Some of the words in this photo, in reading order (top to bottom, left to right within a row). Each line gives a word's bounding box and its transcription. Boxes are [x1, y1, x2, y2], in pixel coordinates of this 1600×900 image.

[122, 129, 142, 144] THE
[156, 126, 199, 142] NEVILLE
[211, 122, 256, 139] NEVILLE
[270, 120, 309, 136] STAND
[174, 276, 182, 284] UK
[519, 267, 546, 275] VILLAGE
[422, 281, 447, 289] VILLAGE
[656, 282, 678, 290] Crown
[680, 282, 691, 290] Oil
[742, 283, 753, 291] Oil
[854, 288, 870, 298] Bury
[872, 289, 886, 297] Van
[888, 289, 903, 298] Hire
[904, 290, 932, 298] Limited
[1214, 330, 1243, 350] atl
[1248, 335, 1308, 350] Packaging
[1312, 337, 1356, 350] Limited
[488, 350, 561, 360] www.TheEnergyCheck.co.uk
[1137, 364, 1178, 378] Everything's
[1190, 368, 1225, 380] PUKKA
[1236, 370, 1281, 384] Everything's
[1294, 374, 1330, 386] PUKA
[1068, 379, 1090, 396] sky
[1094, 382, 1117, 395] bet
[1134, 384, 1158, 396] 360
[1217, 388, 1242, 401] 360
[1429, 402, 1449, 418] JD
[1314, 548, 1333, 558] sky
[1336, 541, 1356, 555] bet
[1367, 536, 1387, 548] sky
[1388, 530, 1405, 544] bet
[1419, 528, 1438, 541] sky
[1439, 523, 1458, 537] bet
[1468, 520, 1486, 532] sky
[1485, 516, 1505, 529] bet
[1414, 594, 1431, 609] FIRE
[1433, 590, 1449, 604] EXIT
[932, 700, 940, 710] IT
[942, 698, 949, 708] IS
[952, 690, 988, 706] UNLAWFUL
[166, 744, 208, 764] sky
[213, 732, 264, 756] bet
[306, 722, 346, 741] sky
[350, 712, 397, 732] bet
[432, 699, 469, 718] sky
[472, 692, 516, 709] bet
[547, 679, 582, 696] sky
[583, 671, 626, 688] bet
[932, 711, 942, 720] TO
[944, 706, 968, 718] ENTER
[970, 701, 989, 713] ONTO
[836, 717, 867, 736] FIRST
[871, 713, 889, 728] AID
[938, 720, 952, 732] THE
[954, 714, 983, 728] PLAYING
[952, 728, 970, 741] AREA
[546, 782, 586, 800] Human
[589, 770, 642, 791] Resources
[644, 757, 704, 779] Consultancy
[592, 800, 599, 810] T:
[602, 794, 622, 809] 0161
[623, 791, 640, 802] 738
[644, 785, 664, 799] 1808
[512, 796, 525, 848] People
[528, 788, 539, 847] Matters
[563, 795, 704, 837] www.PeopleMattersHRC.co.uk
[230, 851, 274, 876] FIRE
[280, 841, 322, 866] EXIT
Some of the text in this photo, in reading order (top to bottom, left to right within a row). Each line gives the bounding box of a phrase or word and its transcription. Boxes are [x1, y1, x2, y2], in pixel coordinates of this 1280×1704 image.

__Exercise requirements__
What you write must match the records above exactly, line for line.

__Output for this task__
Some of the words in this photo, in reading order (top to bottom, left to right within a row). Each line gives a word's bounding box and its transcription. Boxes are [x1, y1, x2, y2], in pixel coordinates of this 1600×900 image.

[122, 129, 142, 144] THE
[156, 126, 199, 142] NEVILLE
[211, 122, 256, 139] NEVILLE
[270, 120, 309, 136] STAND
[174, 276, 182, 284] UK
[519, 267, 546, 275] VILLAGE
[422, 281, 447, 289] VILLAGE
[656, 282, 678, 290] Crown
[680, 282, 691, 290] Oil
[742, 283, 753, 291] Oil
[854, 288, 870, 298] Bury
[872, 289, 886, 297] Van
[888, 289, 903, 298] Hire
[904, 290, 932, 298] Limited
[1214, 330, 1243, 350] atl
[1248, 335, 1308, 350] Packaging
[1312, 337, 1356, 350] Limited
[488, 350, 561, 360] www.TheEnergyCheck.co.uk
[1137, 364, 1178, 378] Everything's
[1190, 368, 1225, 380] PUKKA
[1236, 370, 1281, 384] Everything's
[1294, 374, 1330, 386] PUKA
[1068, 379, 1090, 396] sky
[1094, 382, 1117, 395] bet
[1134, 384, 1158, 396] 360
[1217, 388, 1242, 401] 360
[1429, 402, 1449, 418] JD
[1314, 548, 1333, 558] sky
[1336, 541, 1356, 555] bet
[1367, 536, 1387, 548] sky
[1388, 530, 1405, 544] bet
[1419, 528, 1438, 541] sky
[1439, 523, 1458, 537] bet
[1468, 520, 1486, 532] sky
[1485, 516, 1505, 529] bet
[1414, 594, 1431, 609] FIRE
[1433, 590, 1449, 604] EXIT
[932, 700, 940, 710] IT
[942, 698, 949, 708] IS
[952, 690, 988, 706] UNLAWFUL
[166, 744, 208, 764] sky
[213, 732, 264, 756] bet
[306, 722, 346, 741] sky
[350, 712, 397, 732] bet
[432, 699, 469, 718] sky
[472, 692, 516, 709] bet
[547, 679, 582, 696] sky
[583, 671, 626, 688] bet
[932, 711, 942, 720] TO
[944, 706, 968, 718] ENTER
[970, 701, 989, 713] ONTO
[836, 717, 867, 736] FIRST
[871, 713, 889, 728] AID
[938, 720, 952, 732] THE
[954, 714, 983, 728] PLAYING
[952, 728, 970, 741] AREA
[546, 782, 586, 800] Human
[589, 770, 642, 791] Resources
[644, 757, 704, 779] Consultancy
[592, 800, 599, 810] T:
[602, 794, 622, 809] 0161
[623, 791, 640, 802] 738
[644, 785, 664, 799] 1808
[512, 796, 525, 848] People
[528, 788, 539, 847] Matters
[563, 795, 704, 837] www.PeopleMattersHRC.co.uk
[230, 851, 274, 876] FIRE
[280, 841, 322, 866] EXIT
Some of the text in this photo, in reading order (top to bottom, left to right within a row). Each line gives the bounding box of a phrase or word and its transcription. Boxes are [x1, y1, x2, y2], in pixel coordinates of this 1280×1704 image.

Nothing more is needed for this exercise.